Your goal
In the data below, begin at the line with "this 1918×1080 image." and stop after the line with "this 1365×1152 image."; output those lines exactly and no pictures.

Record excerpts
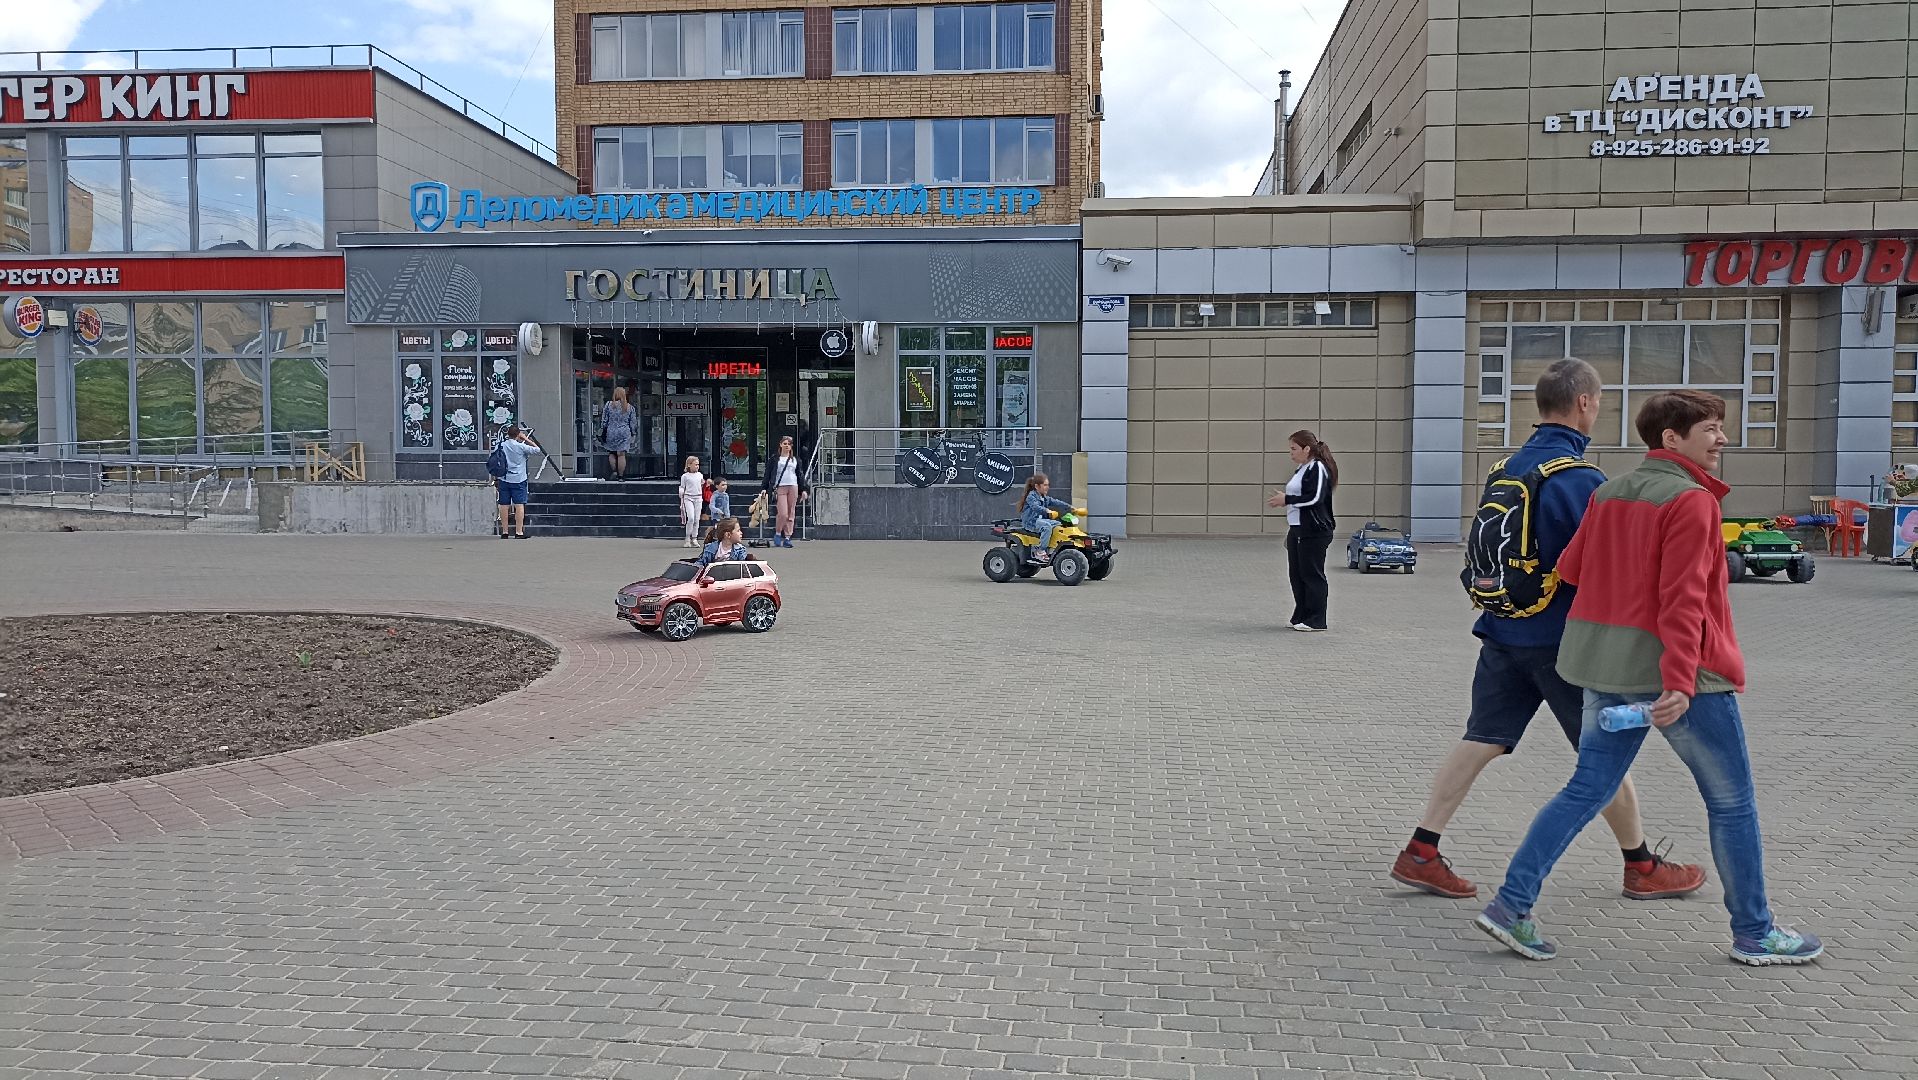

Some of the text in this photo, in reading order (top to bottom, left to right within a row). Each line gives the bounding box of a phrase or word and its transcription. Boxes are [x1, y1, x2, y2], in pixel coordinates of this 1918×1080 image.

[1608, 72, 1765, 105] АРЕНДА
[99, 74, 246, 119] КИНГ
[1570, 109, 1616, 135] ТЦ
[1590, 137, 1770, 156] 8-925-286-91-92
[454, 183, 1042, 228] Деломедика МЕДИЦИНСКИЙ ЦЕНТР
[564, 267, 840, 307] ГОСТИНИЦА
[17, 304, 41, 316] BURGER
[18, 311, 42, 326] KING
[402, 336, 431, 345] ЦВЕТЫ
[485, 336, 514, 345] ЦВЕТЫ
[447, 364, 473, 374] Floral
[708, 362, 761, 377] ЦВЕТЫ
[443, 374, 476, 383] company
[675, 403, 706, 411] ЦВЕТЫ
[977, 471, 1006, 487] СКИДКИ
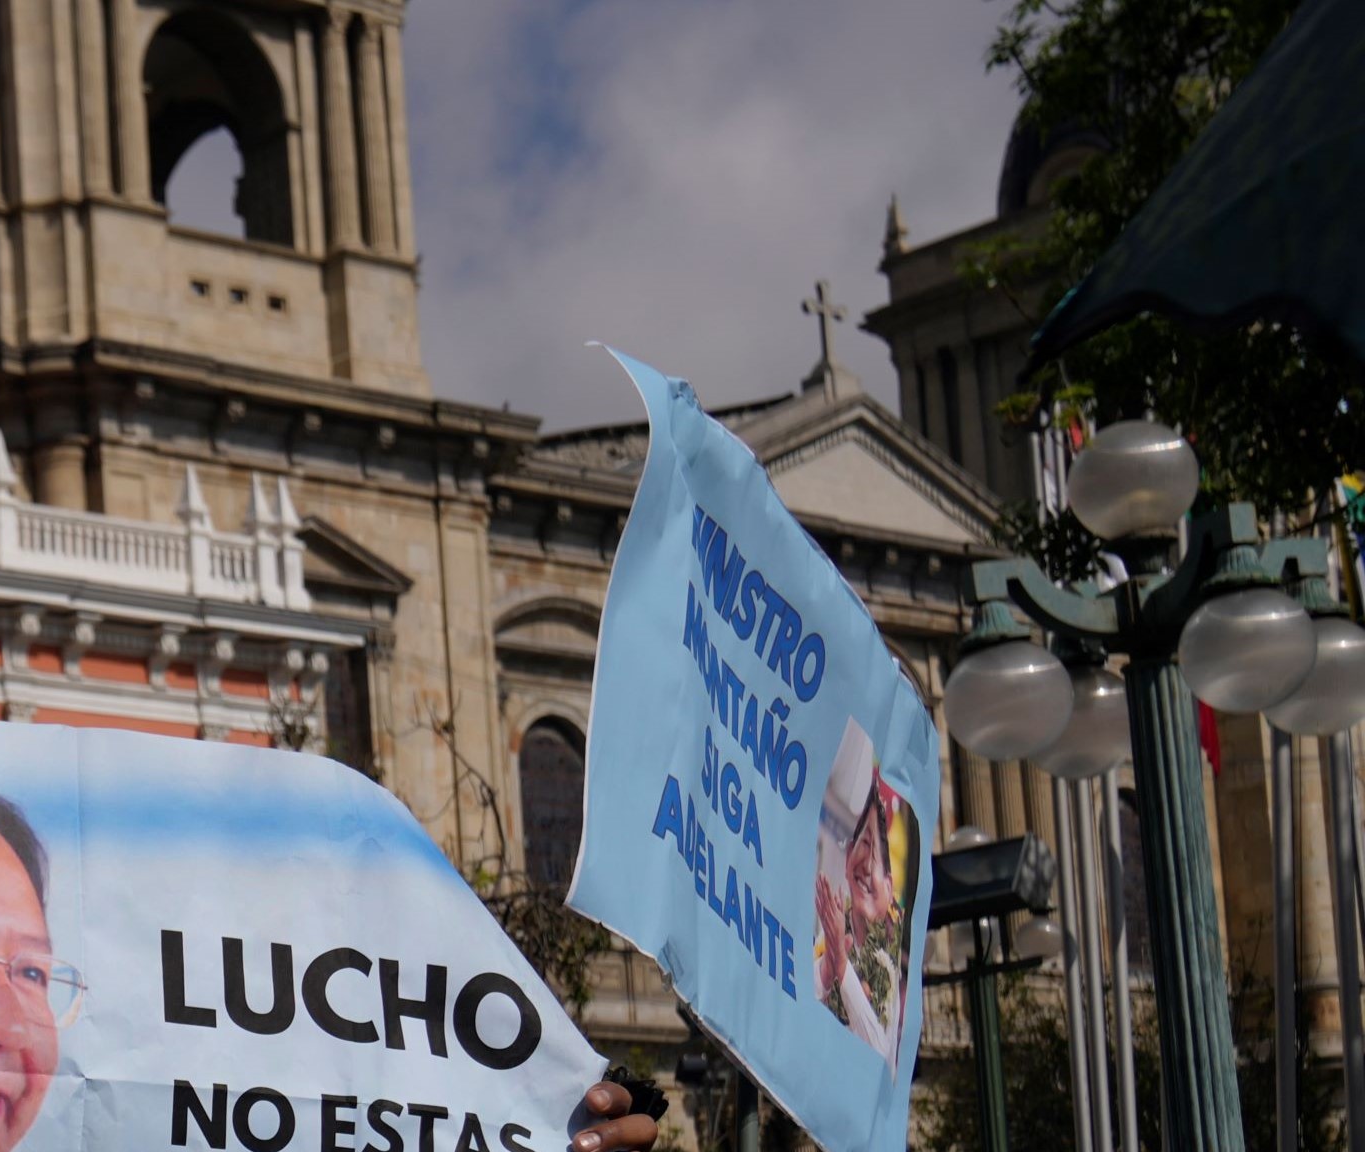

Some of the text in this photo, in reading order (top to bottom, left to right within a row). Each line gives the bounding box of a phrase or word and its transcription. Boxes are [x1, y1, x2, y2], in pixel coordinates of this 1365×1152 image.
---
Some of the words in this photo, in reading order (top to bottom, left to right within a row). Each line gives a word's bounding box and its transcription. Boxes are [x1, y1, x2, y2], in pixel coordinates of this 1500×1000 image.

The completed task
Some of the text in this photo, in reading order (top to bottom, left to right within a row). Each line gives the bounding box of a phrase or word and its transcription. Boxes are [x1, y1, x2, y2], in pixel coordinates of this 1918×1080 image.

[1608, 72, 1765, 105] АРЕНДА
[99, 74, 246, 119] КИНГ
[1570, 109, 1616, 135] ТЦ
[1590, 137, 1770, 156] 8-925-286-91-92
[454, 183, 1042, 228] Деломедика МЕДИЦИНСКИЙ ЦЕНТР
[564, 267, 840, 307] ГОСТИНИЦА
[17, 304, 41, 316] BURGER
[18, 311, 42, 326] KING
[402, 336, 431, 345] ЦВЕТЫ
[485, 336, 514, 345] ЦВЕТЫ
[447, 364, 473, 374] Floral
[708, 362, 761, 377] ЦВЕТЫ
[443, 374, 476, 383] company
[675, 403, 706, 411] ЦВЕТЫ
[977, 471, 1006, 487] СКИДКИ

Some of the text in this photo, in reading order (top to bottom, left to right within a row). Each line gives the bounding box of a phrase or word and its transcription. Boxes are [x1, y1, x2, y2], in pixel coordinates of this 1365×1152 image.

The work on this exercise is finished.